La guerre déclarée, il est incorporé dans la Marine, sa première mission est de superviser la démagnétisation de la flotte (pour éviter les mines magnétiques), puis il est affecté au navire amiral de la flotte de Méditerranée, le croiseur Émile Bertin.
Cette flotte est transférée en Écosse pour soutenir le débarquement en Norvège. Il est muté sur l'escorteur Maillé-Brézé (ces deux navires sont très endommagés alors qu'il n'est pas à bord). Pour son action pour la démagnétisation de la Flotte il est nommé capitaine de frégate.
Muté au Centre de recherche de la Marine de Toulon, il passe à Bordeaux où le gouvernement s'est replié et rencontre Darlan qui, devenu défaitiste, le déçoit. Il va à Alger pour mettre à l'abri les documents secrets du Centre de recherche. De retour à Toulon, il apprend l'Armistice.
Le 10 juillet 1940, il fait partie des quatre-vingts parlementaires qui votent contre les pleins pouvoirs au maréchal Pétain. Il est pour cette raison surveillé par Vichy, qui le fait même arrêter le 25 septembre 1940. Il est incarcéré à Pellevoisin (Indre), en compagnie de Vincent Auriol, Marx Dormoy, Georges Mandel et Paul Reynaud, puis transféré à Aubenas et à Vals-les-Bains.
Au début de 1941, il est libéré par l'amiral Darlan. Il entre alors dans la Résistance, participe à X-Libre, un groupe de résistants de Polytechnique, et crée le mouvement 1793, qui se livre à des sabotages dans l'Aude et l'Ardèche.

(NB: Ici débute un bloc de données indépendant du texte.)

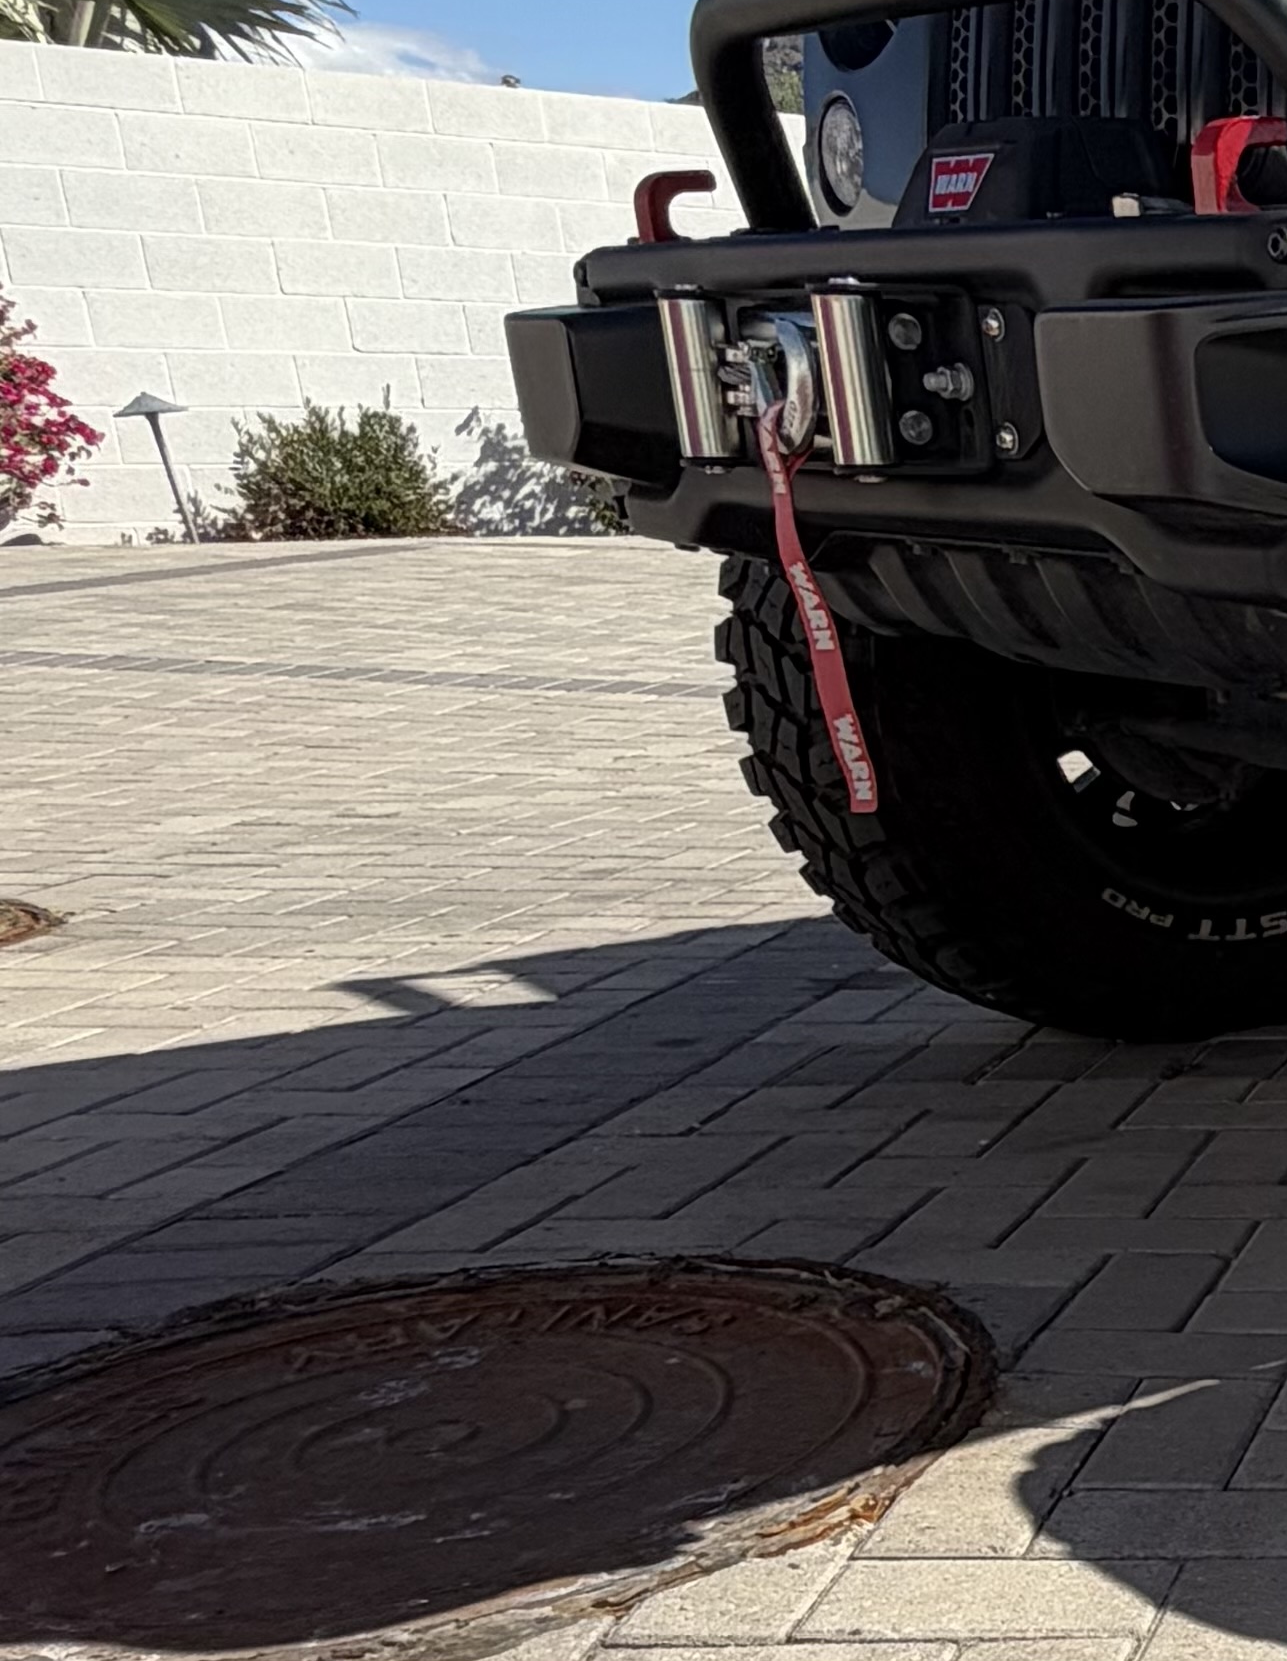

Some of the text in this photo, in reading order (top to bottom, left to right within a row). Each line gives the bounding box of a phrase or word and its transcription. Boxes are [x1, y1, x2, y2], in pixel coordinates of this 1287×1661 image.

[935, 172, 978, 195] WARN
[789, 561, 836, 651] WARN
[833, 713, 873, 800] WARN
[1101, 888, 1174, 928] PRO
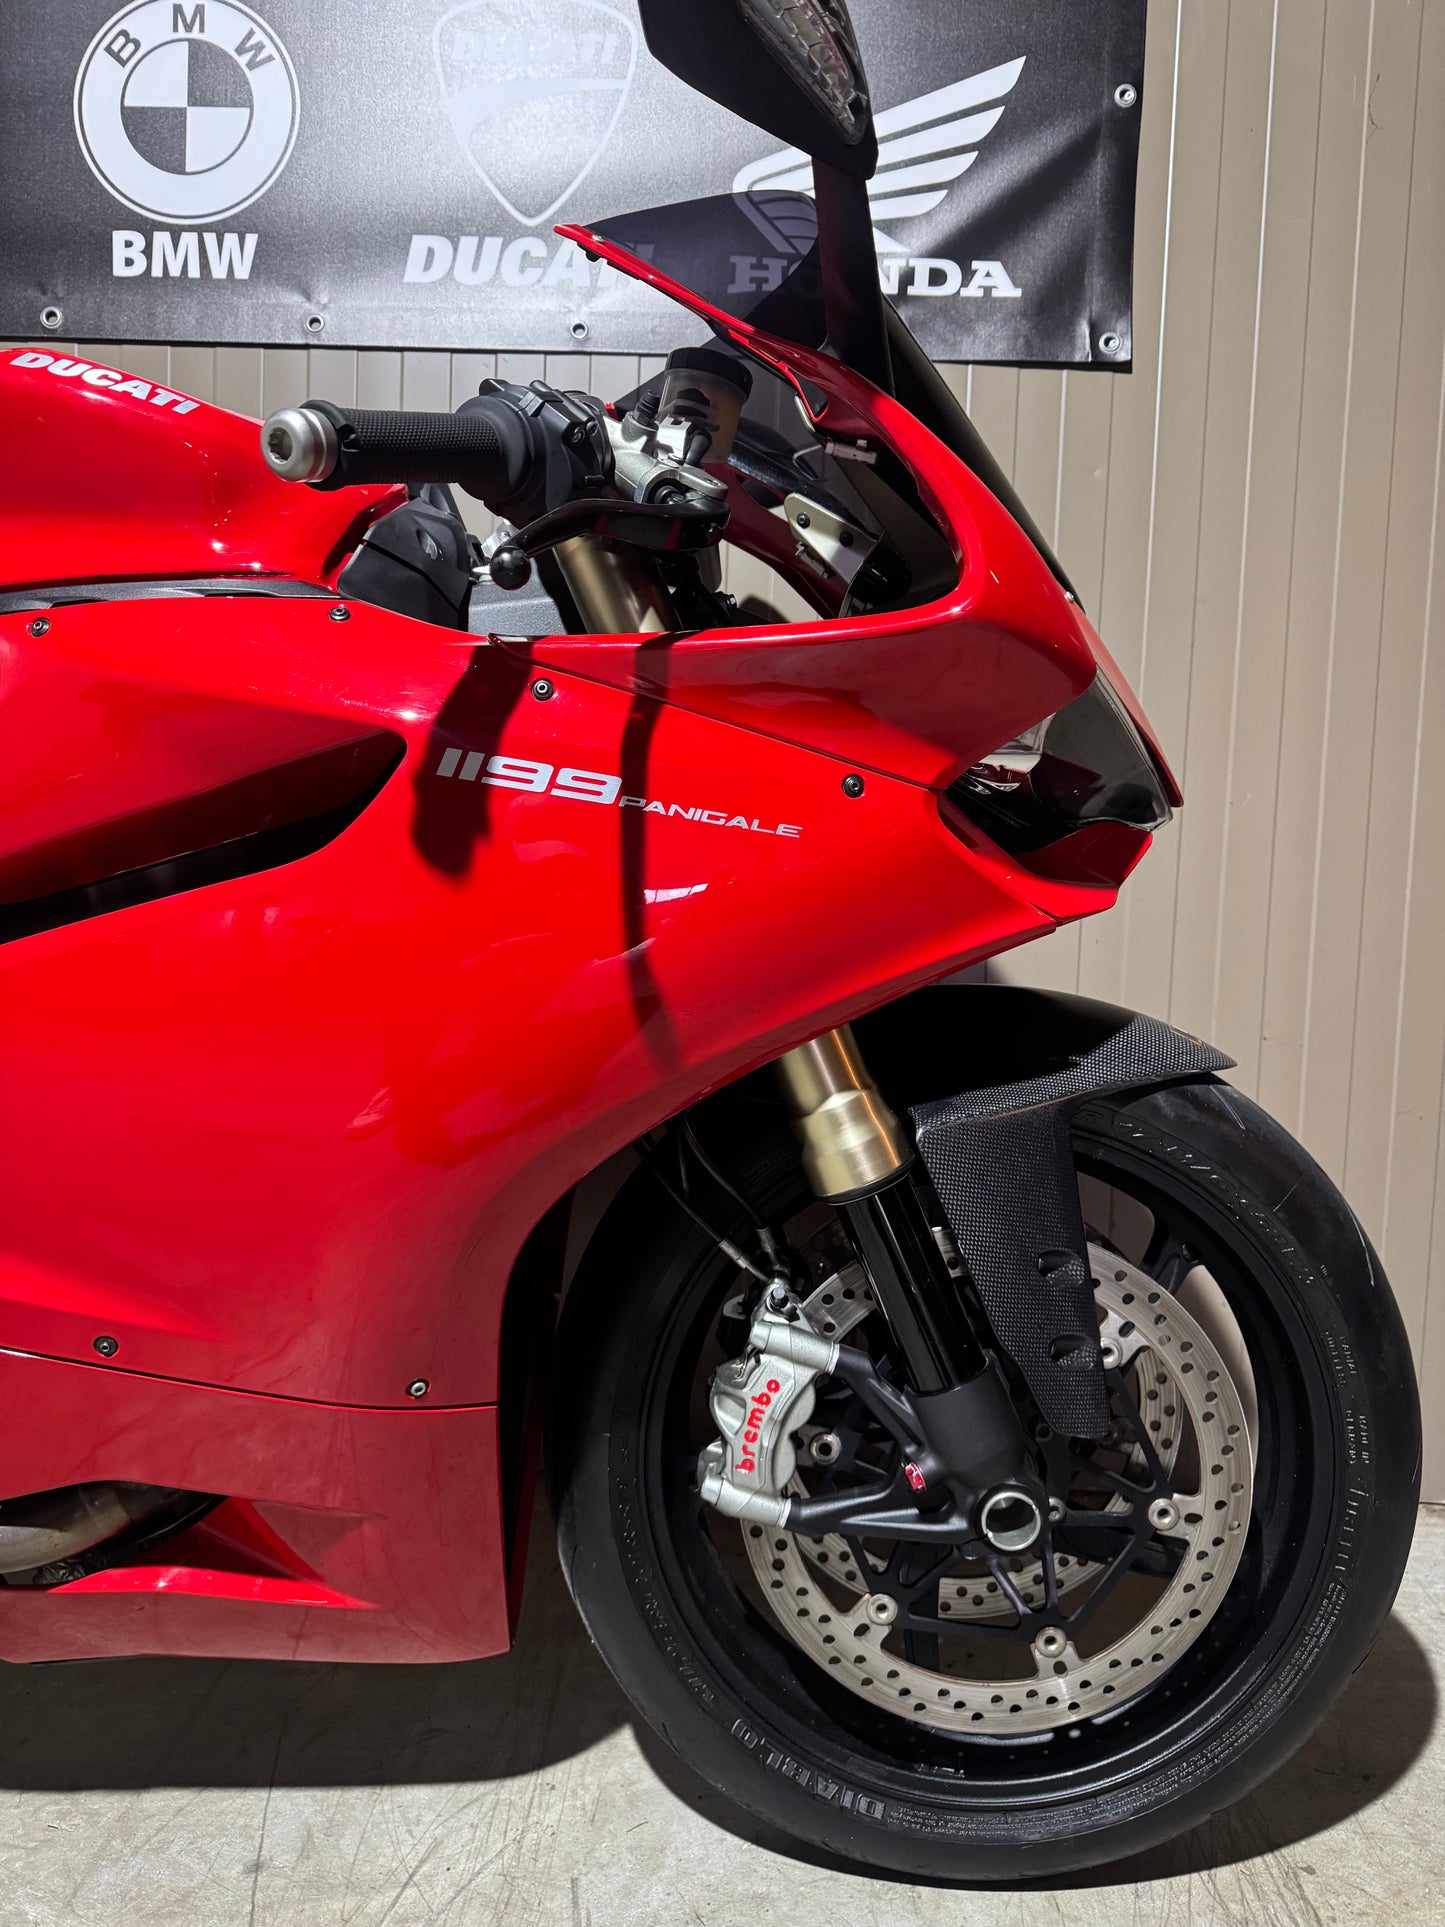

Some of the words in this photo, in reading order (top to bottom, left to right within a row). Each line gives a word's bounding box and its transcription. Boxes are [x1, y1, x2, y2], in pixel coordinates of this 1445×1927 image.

[103, 3, 276, 73] BMW
[111, 229, 259, 280] BMW
[402, 234, 655, 289] DUCA
[727, 255, 1022, 298] HDA
[9, 352, 201, 415] DUCATI
[435, 747, 623, 805] 1199
[618, 795, 804, 839] PANIGALE
[734, 1378, 781, 1475] brembo

Ayant demandé son transfert à Londres pour être intégré dans les Forces navales françaises libres, de nombreux contretemps l'obligent à passer par l'Espagne et il perd 4 mois. Il est déçu par de Gaulle car il estime que celui-ci n'a pas bien compris ce qu'était la Résistance intérieure. Il expose au Général que le Comité d'action socialiste est derrière lui « non parce qu'il est général mais bien qu'il le soit. »
L'amiral Auboyneau lui demande de créer une école de formation accélérée à l'artillerie de marine. Il effectue au nom du général de Gaulle des missions au Liban et en Afrique noire, ce qui lui vaut d'être nommé capitaine de vaisseau.